### Exercise goal
Copy the data that follows exactly as it is, excluding all pictures.

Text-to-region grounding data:
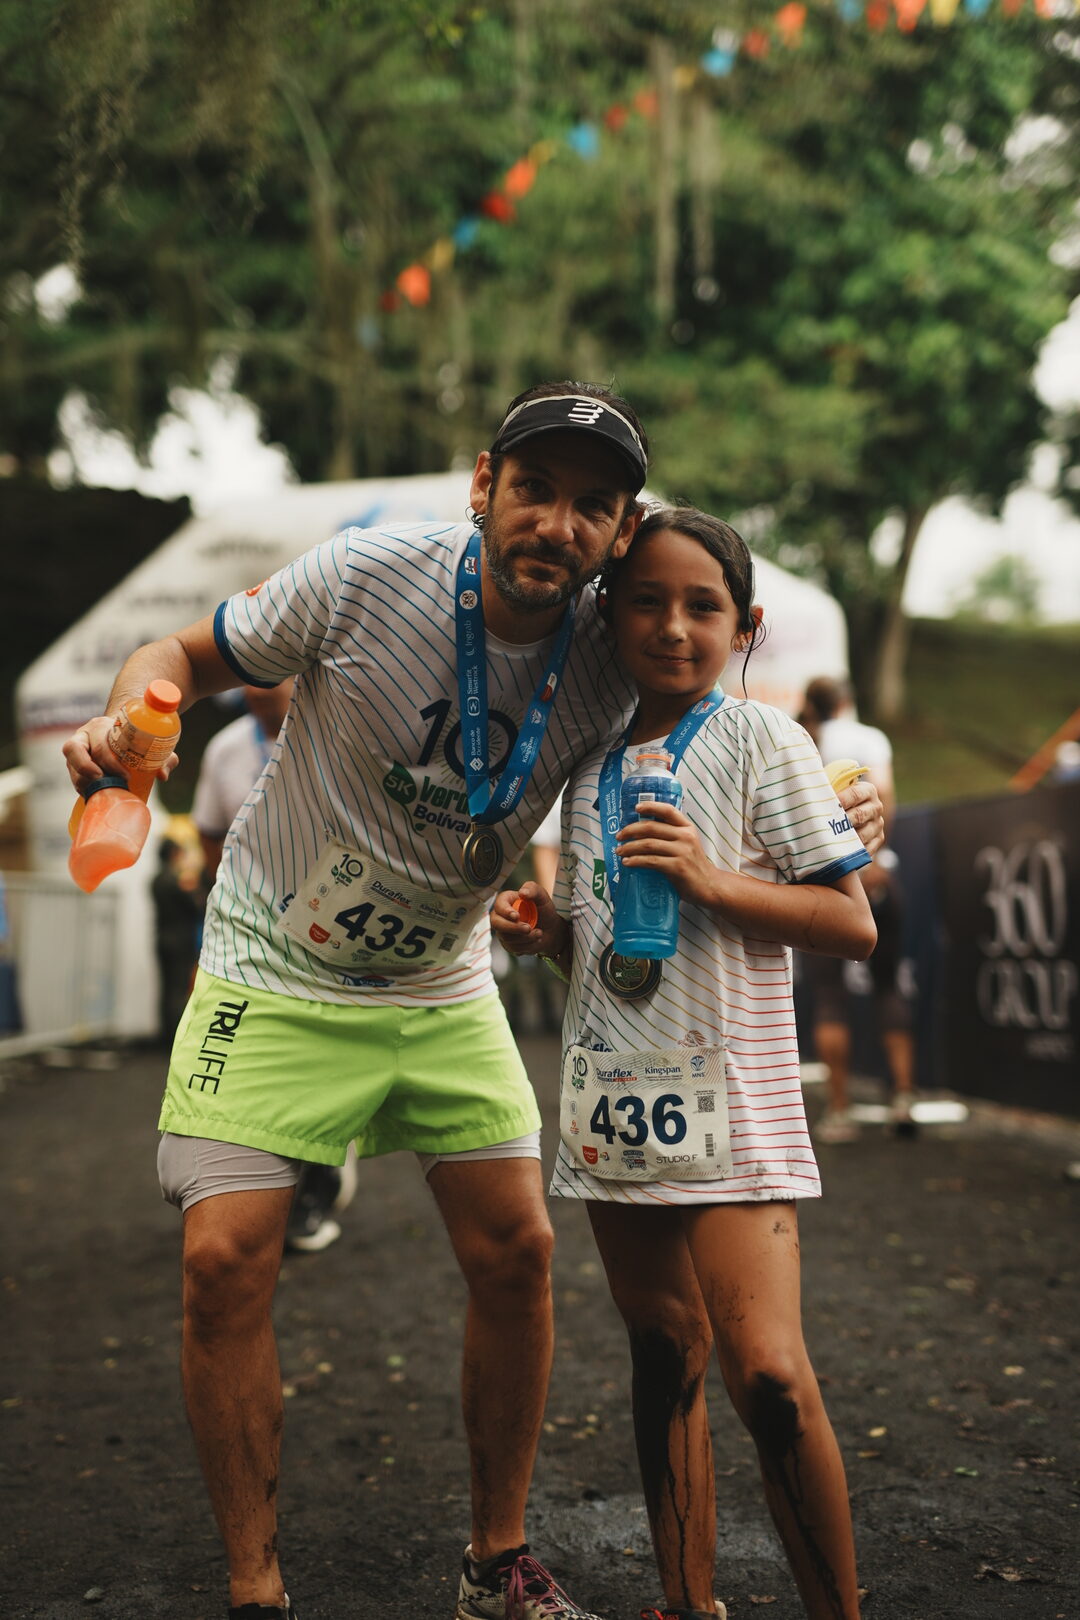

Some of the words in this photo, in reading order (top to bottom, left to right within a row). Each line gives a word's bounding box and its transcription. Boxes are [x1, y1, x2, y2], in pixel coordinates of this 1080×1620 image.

[420, 775, 470, 815] Verd
[500, 775, 520, 809] Duraflex
[341, 853, 363, 876] 10
[372, 880, 411, 905] Duraflex
[334, 902, 437, 959] 435
[188, 1000, 249, 1094] TRILIFE
[572, 1056, 587, 1076] 10
[596, 1067, 633, 1078] Duraflex
[645, 1066, 681, 1075] Kingspan
[590, 1093, 687, 1147] 436
[656, 1155, 690, 1164] STUDIO
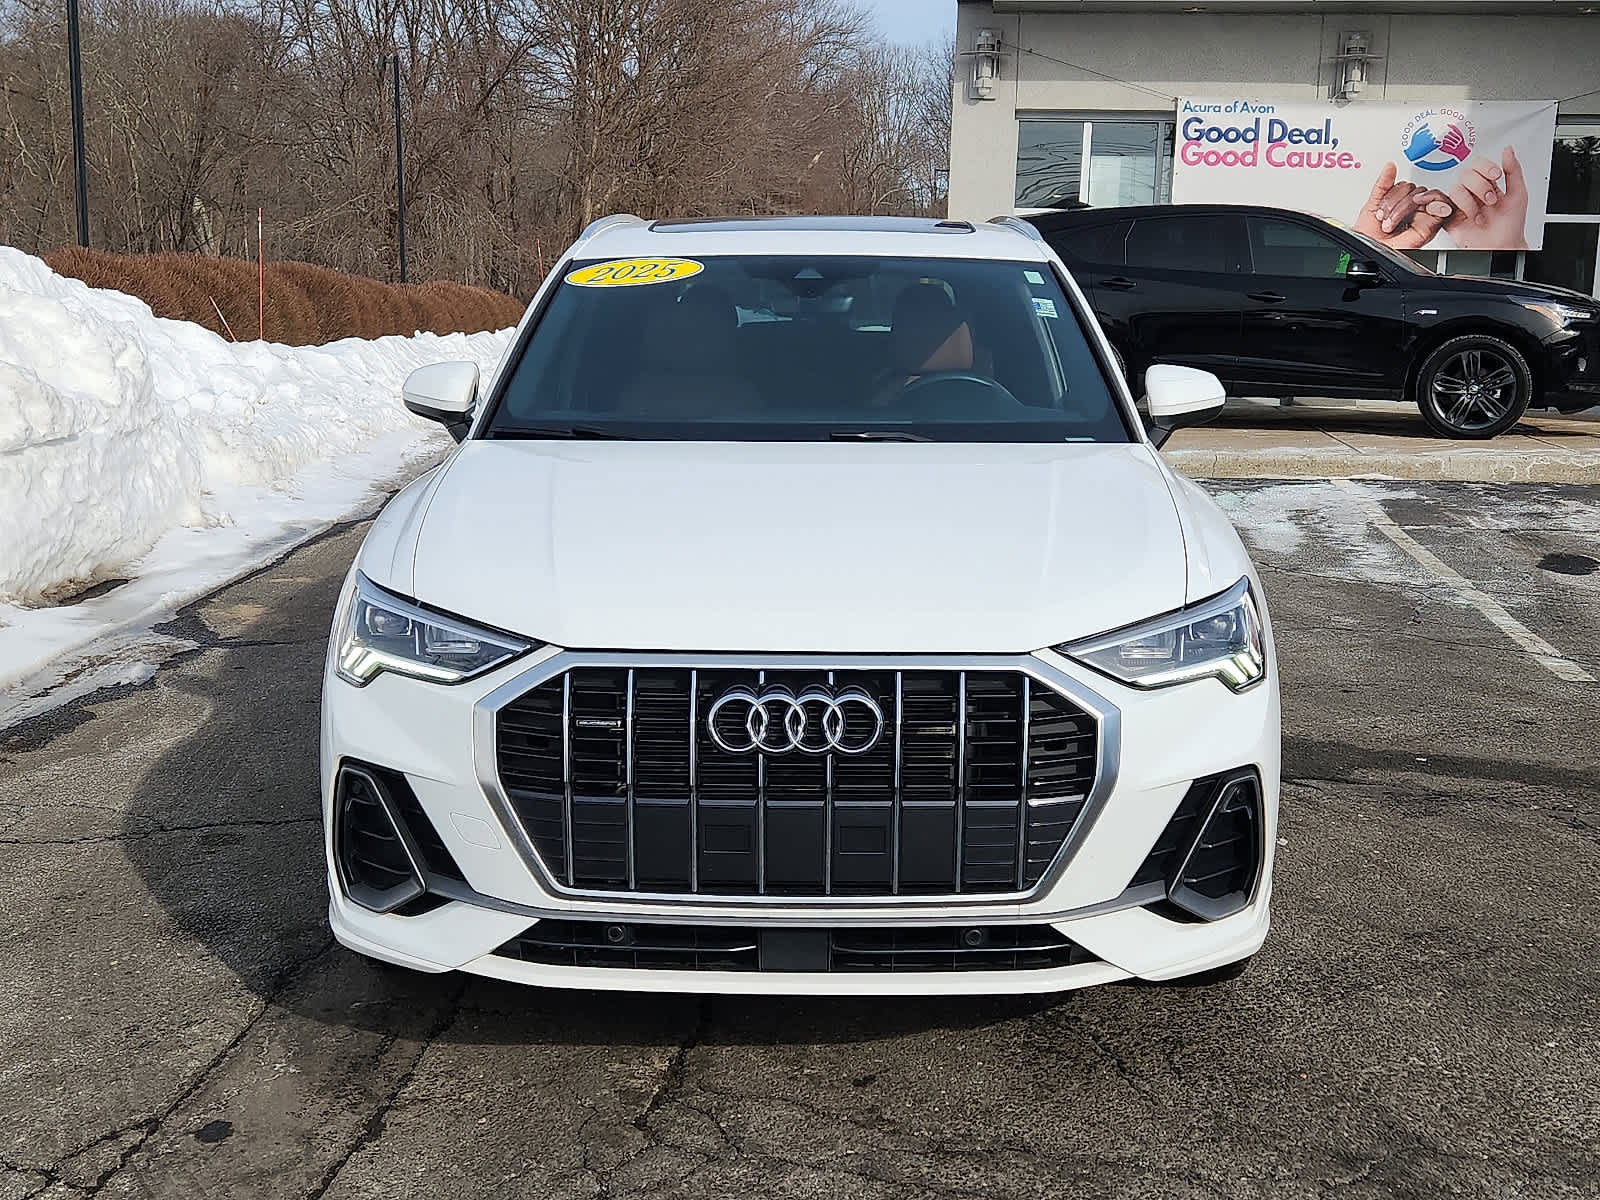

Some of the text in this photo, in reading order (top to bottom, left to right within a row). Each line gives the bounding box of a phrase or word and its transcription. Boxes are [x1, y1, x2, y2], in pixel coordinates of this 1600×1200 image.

[1182, 100, 1275, 114] Acura of Avon
[1182, 116, 1339, 150] Good Deal,
[1401, 121, 1415, 147] GOOD
[1440, 108, 1465, 121] GOOD
[1464, 120, 1476, 148] CAUSE
[1181, 140, 1362, 169] Good Cause.
[586, 262, 683, 283] 2025
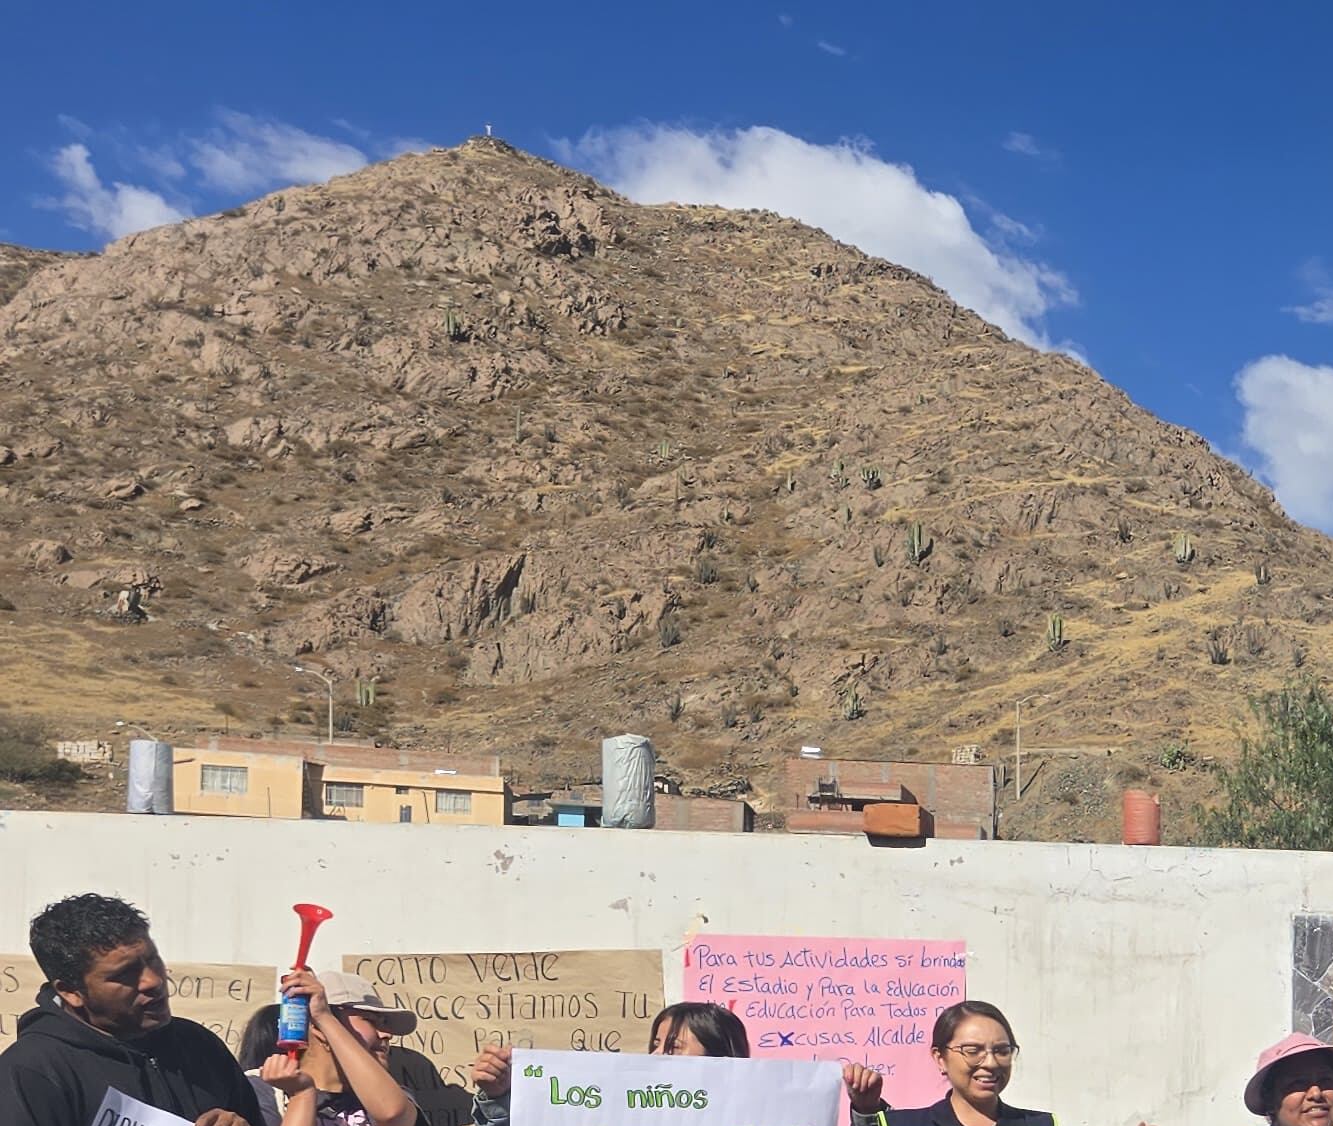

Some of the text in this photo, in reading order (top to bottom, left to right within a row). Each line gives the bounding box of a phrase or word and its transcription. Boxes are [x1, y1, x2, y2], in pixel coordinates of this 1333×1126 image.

[748, 952, 774, 967] tus
[700, 974, 714, 992] El
[723, 976, 798, 994] Estadio
[864, 980, 879, 994] la
[887, 980, 960, 997] Educación
[746, 1000, 834, 1018] Educación
[865, 1024, 924, 1046] Alcalde
[627, 1083, 708, 1109] niños

### Task response
Some of the words in this photo, in reading order (top to bottom, left to right within a row). Each line gives a word's bounding box and its transcription. Boxes are [x1, y1, x2, y2], in pixel coordinates of this 1080×1620 image.

[420, 775, 470, 815] Verd
[500, 775, 520, 809] Duraflex
[341, 853, 363, 876] 10
[372, 880, 411, 905] Duraflex
[334, 902, 437, 959] 435
[188, 1000, 249, 1094] TRILIFE
[572, 1056, 587, 1076] 10
[596, 1067, 633, 1078] Duraflex
[645, 1066, 681, 1075] Kingspan
[590, 1093, 687, 1147] 436
[656, 1155, 690, 1164] STUDIO

Some of the text in this photo, in reading order (top to bottom, left to right within a row). Each line gives the bounding box of a phrase or word and its transcription. Boxes are [x1, y1, x2, y2], in pixel coordinates of this 1600×1200 image.

[1182, 100, 1275, 114] Acura of Avon
[1182, 116, 1339, 150] Good Deal,
[1401, 121, 1415, 147] GOOD
[1440, 108, 1465, 121] GOOD
[1464, 120, 1476, 148] CAUSE
[1181, 140, 1362, 169] Good Cause.
[586, 262, 683, 283] 2025

Some of the text in this photo, in reading order (top to bottom, left to right within a row). Each line gives the bounding box of a phrase or word and its transcription. Boxes are [x1, y1, x2, y2], in pixel coordinates of this 1333×1126 image.

[748, 952, 774, 967] tus
[700, 974, 714, 992] El
[723, 976, 798, 994] Estadio
[864, 980, 879, 994] la
[887, 980, 960, 997] Educación
[746, 1000, 834, 1018] Educación
[865, 1024, 924, 1046] Alcalde
[627, 1083, 708, 1109] niños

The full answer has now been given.